**Assignment:** Where the data below shows a picture, leave that picture out and copy the rest exactly.

**Records for the exercise:**
──────────
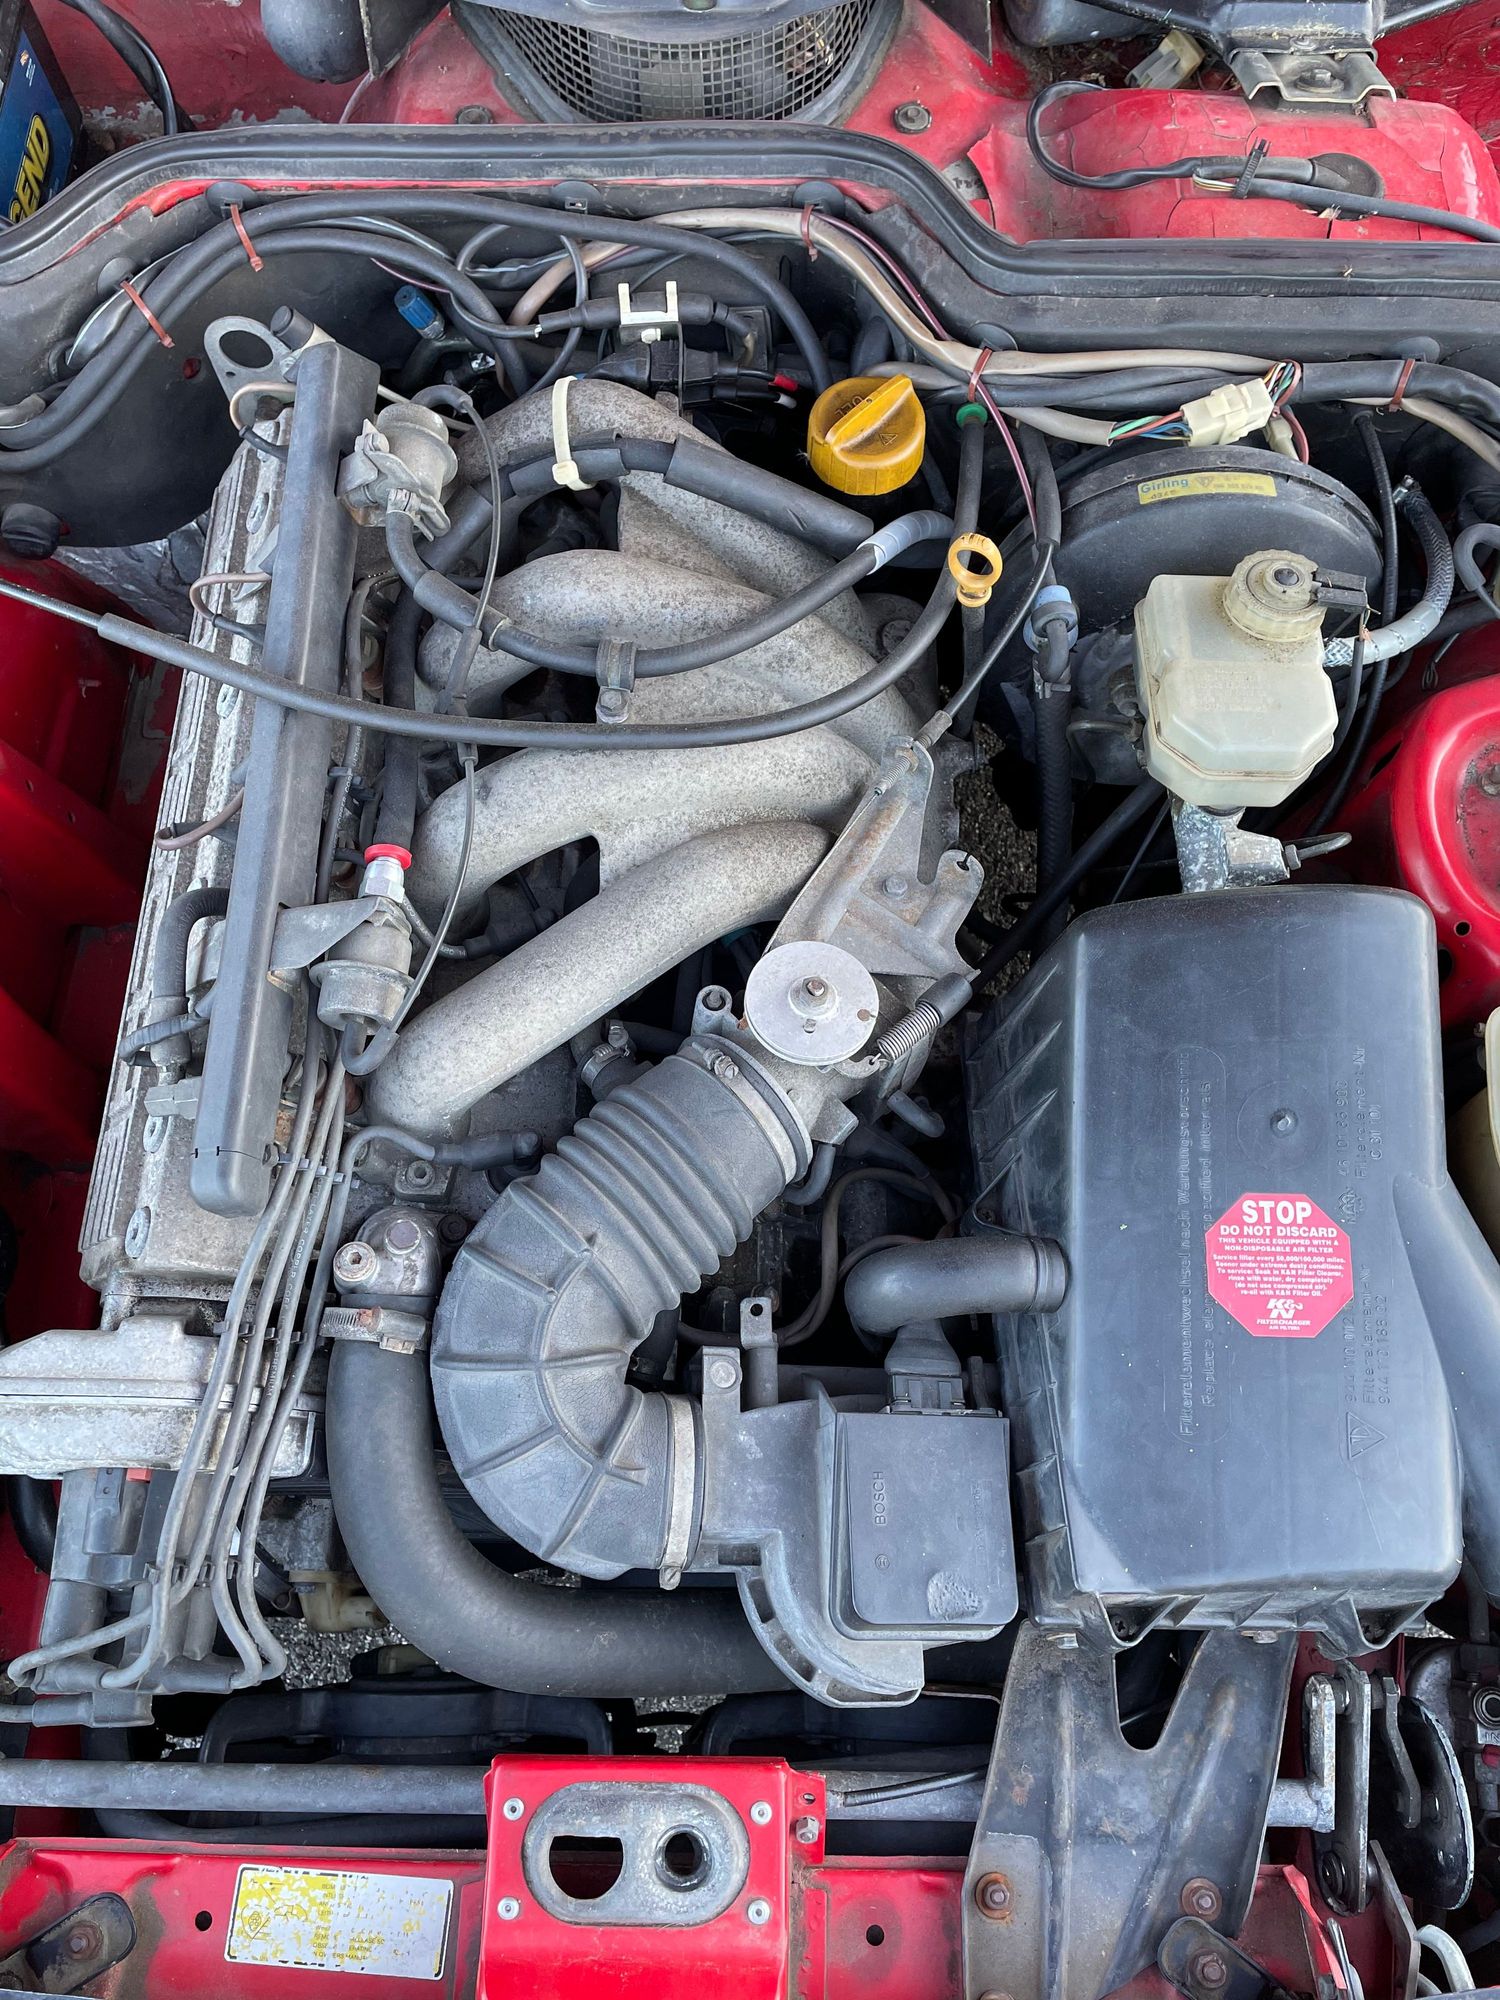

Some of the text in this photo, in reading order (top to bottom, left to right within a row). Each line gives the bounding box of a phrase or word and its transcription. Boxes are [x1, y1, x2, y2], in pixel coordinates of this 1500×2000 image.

[8, 113, 50, 223] GEND
[1140, 478, 1190, 494] Girling
[1241, 1199, 1312, 1225] STOP
[1220, 1225, 1337, 1238] DO NOT DISCARD
[290, 1238, 306, 1279] COPPER
[1289, 1262, 1307, 1270] dusty
[1266, 1298, 1304, 1319] K&N
[872, 1471, 887, 1525] BOSCH
──────────
**Answer area:**
Some of the text in this photo, in reading order (top to bottom, left to right within a row). Each line gives the bounding box of a phrase or word and its transcription. Boxes are [x1, y1, x2, y2], in pixel coordinates of this 1500×2000 image.

[8, 113, 50, 223] GEND
[1140, 478, 1190, 494] Girling
[1241, 1199, 1312, 1225] STOP
[1220, 1225, 1337, 1238] DO NOT DISCARD
[290, 1238, 306, 1279] COPPER
[1289, 1262, 1307, 1270] dusty
[1266, 1298, 1304, 1319] K&N
[872, 1471, 887, 1525] BOSCH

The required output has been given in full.